Last class, when Anne suggested that we maybe move our weekly sitting spot, I was strck distraught by this prospect. I like my spot. I've grown attached to my spot. I feel like there's so much left to do and explore there. I've come to feel comfortably alone and have even fallen asleep there a couple times. In order to increase my exposure to it, just to make sure it's the place I really want to be, I though it'd be cool to visit it at a very different time of the day. I really wanted to see how sitting there at sunrise would effect my vision of the spot. So this morning, just past 7 am, i trudged myself over to the pond in order to have a look-see at the spot I've visited on the same day at the same time for the past 6 weeks. I took a couple pictures, but they're all pretty lame and dark, or I would show them to you. What I think is more revealing is what I wrote while lying there.
Sunrise Reflections
Relevant Poem
Today in class (out of class?) I was excited to see how enraptured we became in our discussion of eco-feminism. I wanted to respond to it some way, and poetry usually is the best wasy I can see to do that. Often another poet voices the exact thoughts that should come to my mind. I thought this one poem was highly relevant to our discussion and notions of overturning systems of patriarchal oppression and turning it into something useful. So I thought I'd share it.
VI
Let the old man lie in the earth
(he has troubled men's thought long enough)
let the old man die,
let the old man be of the earth
he is earth,
Father,
O beloved
you are the earth
he is the earth, Saturn, wisdom,
rock, (O his bones are hard, he is strong, that old man)

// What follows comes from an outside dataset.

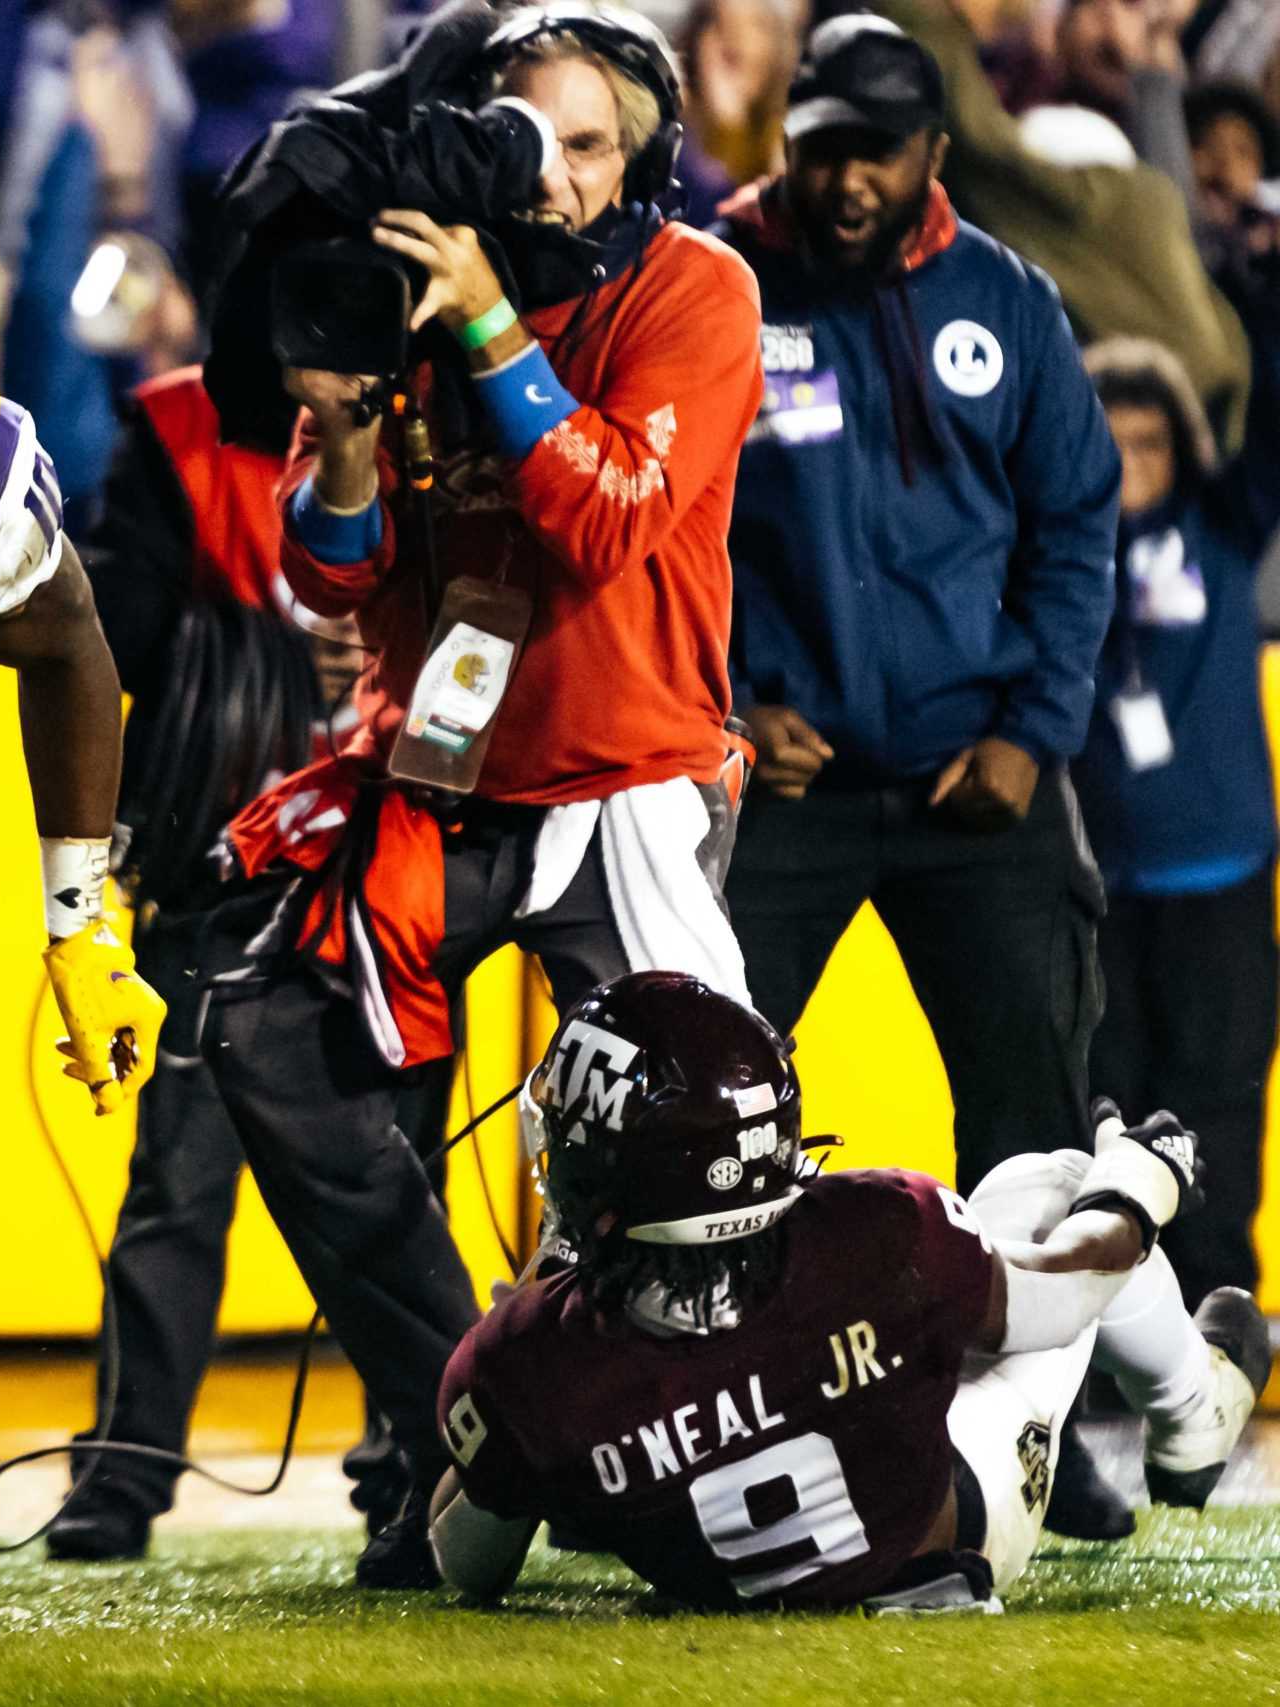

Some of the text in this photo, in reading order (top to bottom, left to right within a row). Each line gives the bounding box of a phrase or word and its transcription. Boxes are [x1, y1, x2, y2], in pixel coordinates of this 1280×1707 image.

let him create a new earth,
and from the rocks of this re-birth
the whole word
must suffer
only we
who are free,
may foretell,
may prophesy,
he,
(it is he the old man
who will bring a new world to birth)
it is he,
it is he
who already has formed a new earth.
~H.D. "The Master"
No Idea
Every week, I have tried to do something drastically different with my posting. This week, I feel like I have run out of something different to do. When I was talking to Sara about this, she said that maybe that was the point. To keep returning to our spots until we run out of ways to describe it, and have to innovate a new way. I'm not sure if I achieved this when I went out to just exist in the ourdoors, but it was something very different for me.
Thoreau Children's Story
Henry Takes a Walk: A Thoreauvian Storybook
Written by: Emma Thorp
Illustrated by: Sara Gladwin
Henry began to walk at the top of the long hill above the pond. Directions and destinations were not on his mind. He decided to see where this grassy slope would lead.
Henry wandered along side the pond’s banks, wondering where the ripples came from below the surface.
Several flat, gray paths lead him to a white house hidden among a green jungle. Instead of going through the front door, he followed a steep slope down to a small, muddy bank by a trickling creek.
Someone was leaning over the creek, watching the water skim over the slippery pebbles
Henry knelt down beside Someone, as they stared at the water’s clear surface. They wondered where it came from, and where it was in such a rush to get going.
Rhoads Pond Impressionism
So I am not the best artist in the world, as evidenced by this watercolor. However, I really wanted to use the tools Nan put at my disposal. I found, though, that the brush was not the right instrument for me. I ended up using my fingers to create this. It made me feel much more connected to the paper, and was much eaasier to mix the colors I needed.
I also decided to paint ontop of a page of Gary Snyder's essay. I loved his garden metaphor for good writing, and wanted to incorporate it somehow. I tried painting on just a regular piece of paper, but decided it didn't quite caputer our class notions of language and reprsentation. I'm not quite sure how it connects, seeing as I was painting and not writing, but I like the way it turned out.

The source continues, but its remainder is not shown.